Several weeks ago, Virgin America notified its users and flyers that their website would be experiencing some outage, but their customer service support line would be still available. It seemed that everything was going fine until people started to call the airline’s customer service number only to experience lengthy hold times trying to get through to either do simple things like checking in to cancelling flights. It quickly mushroomed into a nightmare scenario and if you’ve been following Virgin America (@virginamerica) on Twitter, you’ll know that their tweets have been very understanding and apologetic.
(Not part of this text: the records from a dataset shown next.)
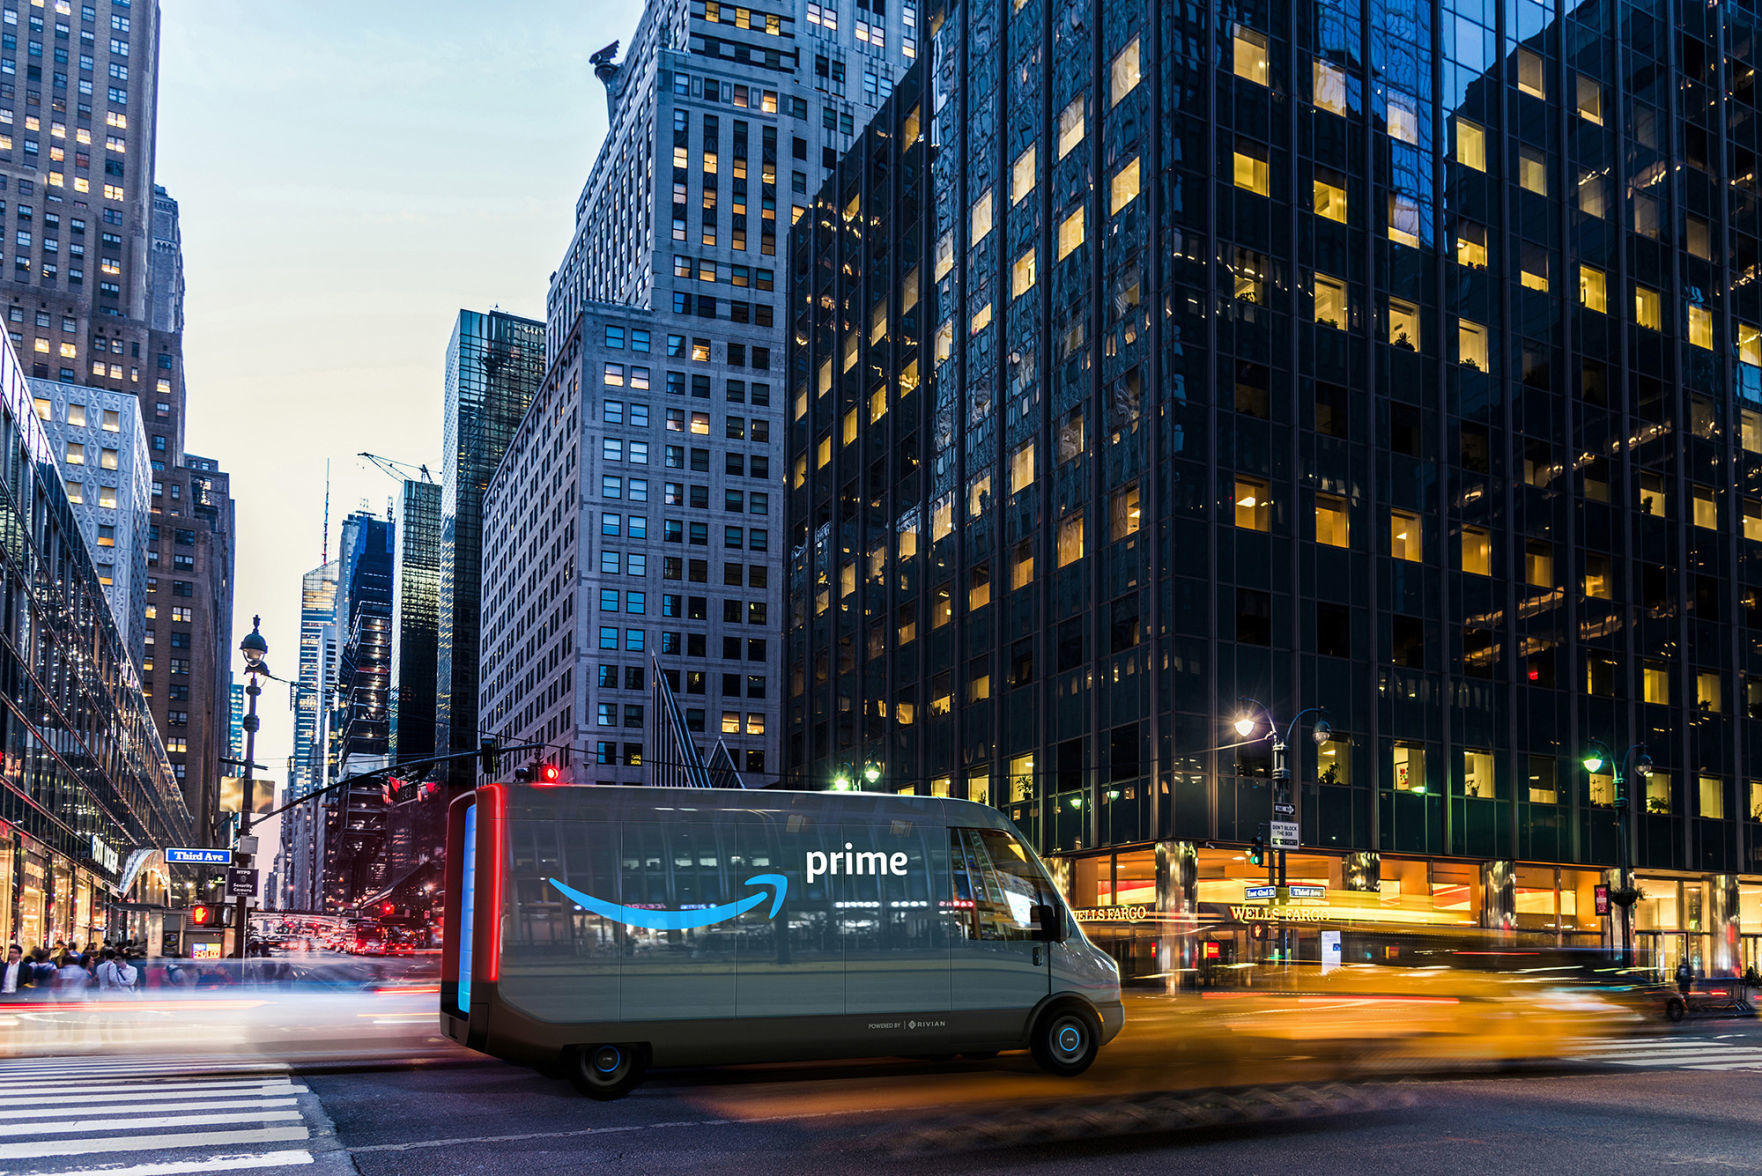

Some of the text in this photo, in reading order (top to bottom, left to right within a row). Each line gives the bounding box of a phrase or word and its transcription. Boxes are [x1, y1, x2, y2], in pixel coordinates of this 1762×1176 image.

[174, 851, 224, 861] Third Ave
[806, 842, 908, 884] prime
[1107, 906, 1147, 920] FARGO
[1229, 906, 1330, 921] WELLS FARGO
[917, 1020, 946, 1028] RIVIAN
Unfortunately that didn’t solve any problems.
The constant communication
The above issues surrounded the fact that there were changes to the airline’s reservation system and it wound up taking longer than expected to roll out the new platform — sadly this is not surprising, but not really reassuring to those who wanted to use their brand and travel. But it seemed that Virgin America knew what they were getting into. In checking out their website this weekend, I noticed that they have updated it with an advisory on what to expect when you use their site. In addition, they’ve been pretty active in terms of social media (specifically Twitter) to get the word out about what’s happening and trying to smooth things out with their customers. Unfortunately their policies do not allow that much liberal help through Twitter, but they kept people abreast about the status of their reservation system enhancements and even got to direct message some folks in order to find out ways to better serve them. While this might not be much, compared to how other companies handled their own issues, Virgin America has still come out on top.
And this advisory that you see on Virgin America’s website isn’t one where they simply shrug things off and issue a rather bland apology…you know, the ones that say something like “We apologize for the incovenience. Please check back in a few hours and we’ll be working again.” Instead, their team understood the appreciation of over-communication and explained what the issue is and several possible steps for customers to seek redress and assistance.
So the problem:
We’ve recently made the switch to a new reservations platform – a change that will make our booking system and website stronger, faster and all-around better. Although the new Sabre platform will ultimately improve our booking system, the switch to a new platform will cause some inconvenience as we transition from the old system to the new. For those flying or planning to use our website or Call Center, read on for key details about what to expect.
And the possible redress:
We continue to work through web issues and are aware that some users are encountering errors when trying to complete bookings on virginamerica.com or check-in online. We apologize for this inconvenience and expect to have these issues addressed soon. Please note that Virgin America flights are also available for sale on Orbitz.com, Expedia.com, Travelocity.com and Priceline.com.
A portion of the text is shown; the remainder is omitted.